TELKODER yanıtlıyor

Son dönemlerde BTK tarafından yayımlanan Pazar Verileri raporlarından ADSL abonelerinin yeteri kadar artmadığı hatta azalmakta olduğu görülüyor. Siz bu durumu nasıl değerlendiriyorsunuz?

Bunun en büyük nedenlerinden biri de, Türk Telekom’un mevcut Toptan ADSL tarife yapısının yeni nesil Telekom operatörlerine perakendede sunacakları paketleri oluşturma şansı tanımamasıdır. BTK tarafından 2012 yılında alınan karar ile Türk Telekom’un toptan tarifelerine göre belirlenen yeni nesil işletmecilere artık kendi tarife paketlerini özgürce belirleme imkânı sunulmuştur. Bu modeli şöyle açıklayabiliriz; eski modelde Türk Telekom toptan tarife paketlerini kendisi belirliyordu. Örn; “2 Mb hızında sınırsız, 8 Mb hızında 4 GB kotalı, vb..” . Bu toptan hizmetleri alan işletmeciler de abonelerine sadece bu tarife paketleri ile hizmet verebiliyordu. Yeni getirilen modelde, Türk Telekom artık tarife paketinin hızını, kotası gibi paket unsurlarını belirleyemeyecek, yeni nesil işletmeci örn; 5,5 Mb, hızında 43 GB kotalı, vb…” gibi istediği paketi abonesine sunabilecek. Bu uygulamanın, tüketiciye sunulacak hizmetlerin çeşitliliğini arttırması ve rekabeti geliştirmesi beklenmektedir.
Bu uygulamanın amacına hizmet edebilmesi için en önemli konulardan birisi, toptan ücretlerin uygun seviyelerde belirlenmiş olması. Aksi halde, tüketiciye daha uygun fiyat ve şartlarda hizmet sunmak mümkün olmayacak ve bu model beklenen faydayı sağlayamayacaktır. Bir diğer konu da, Türk Telekom’un bu modeli hayata geçirmek istemeyişi ve işi yokuşa sürme davranışında bulunmasıdır. Bu durumun da önüne geçilmesi, Türk Telekom’un düzenlemelere uygun hareket etmesinin sağlanması gerekmektedir.

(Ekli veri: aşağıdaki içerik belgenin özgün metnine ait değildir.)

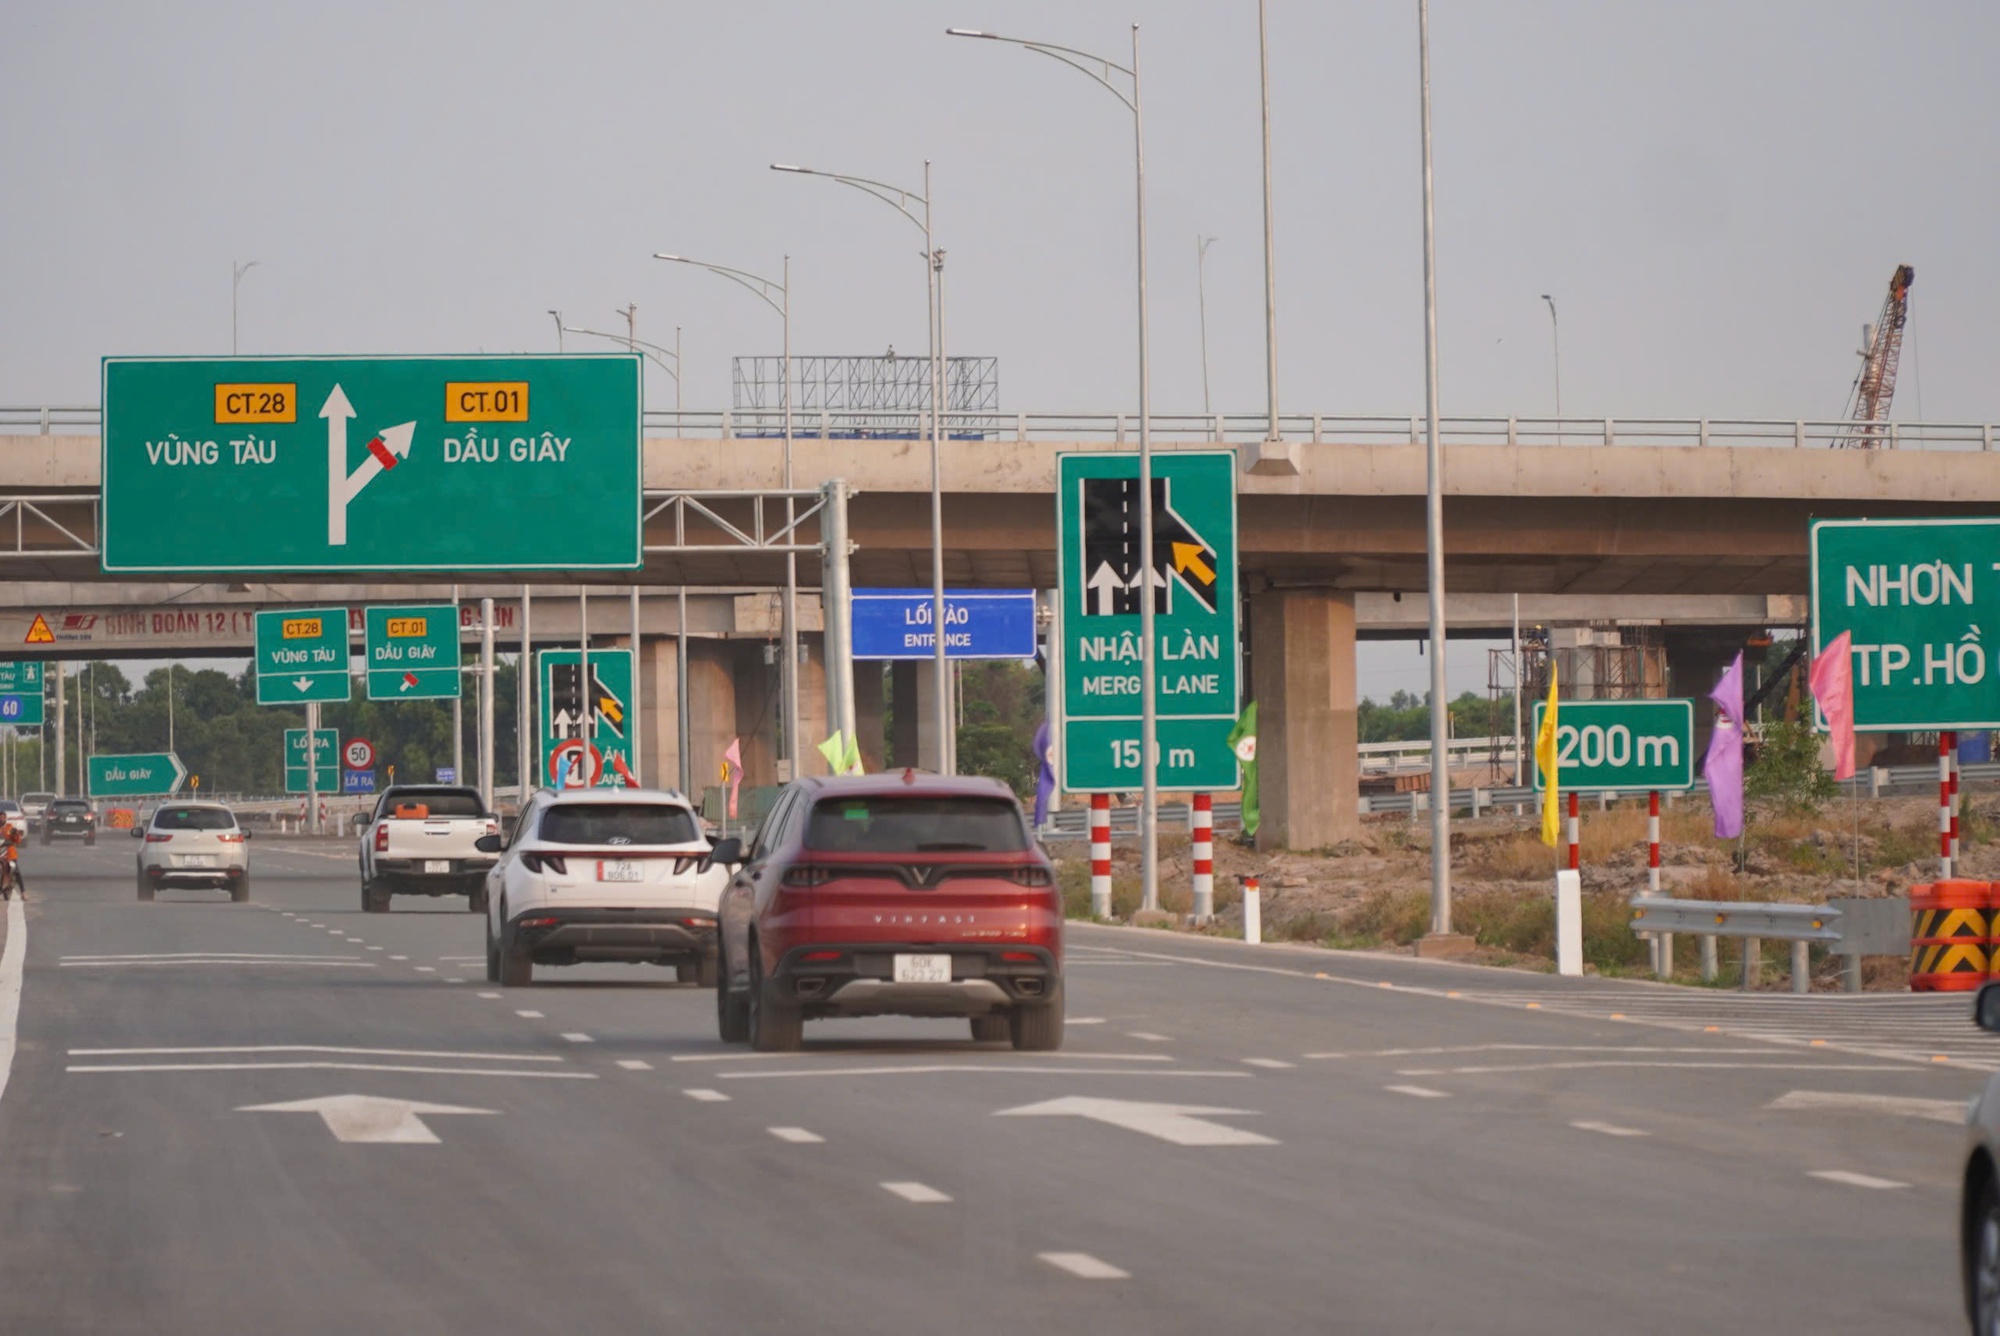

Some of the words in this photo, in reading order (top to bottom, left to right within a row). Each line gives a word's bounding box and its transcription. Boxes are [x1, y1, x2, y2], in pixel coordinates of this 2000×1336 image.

[226, 392, 285, 415] CT.28
[460, 390, 519, 414] CT.01
[146, 434, 219, 466] VŨNG
[230, 434, 277, 465] TÀU
[444, 426, 499, 462] DẦU
[510, 431, 571, 462] GIÂY
[1846, 559, 1973, 607] NHƠN
[205, 612, 225, 632] 12
[905, 602, 932, 625] LỐI
[943, 603, 969, 625] ÀO
[286, 622, 319, 636] CT.28
[390, 621, 424, 635] CT.01
[904, 633, 972, 648] ENTRNCE
[1162, 628, 1219, 661] LÀN
[271, 647, 308, 664] VŨNG
[311, 646, 336, 663] TÀU
[375, 641, 402, 661] DẦU
[408, 644, 437, 660] GIÂY
[1852, 624, 1986, 686] TP.HỒ
[1162, 674, 1219, 695] LANE
[2, 700, 18, 716] 60
[351, 747, 367, 762] 50
[1168, 748, 1195, 768] m
[360, 776, 374, 787] RA

Kablo internet sayısında son yıllarda artış yaşanıyor ancak kablo internet kullananların oranı AB ve diğer ülkelere göre oldukça düşük. Bu bilgiler ışığında, kablo TV şebekesi sizce özelleştirilmeli mi? Bu konuda karar alma yetkisi hükümette olmakla birlikte bu yönde bir hazırlık bulunuyor mu?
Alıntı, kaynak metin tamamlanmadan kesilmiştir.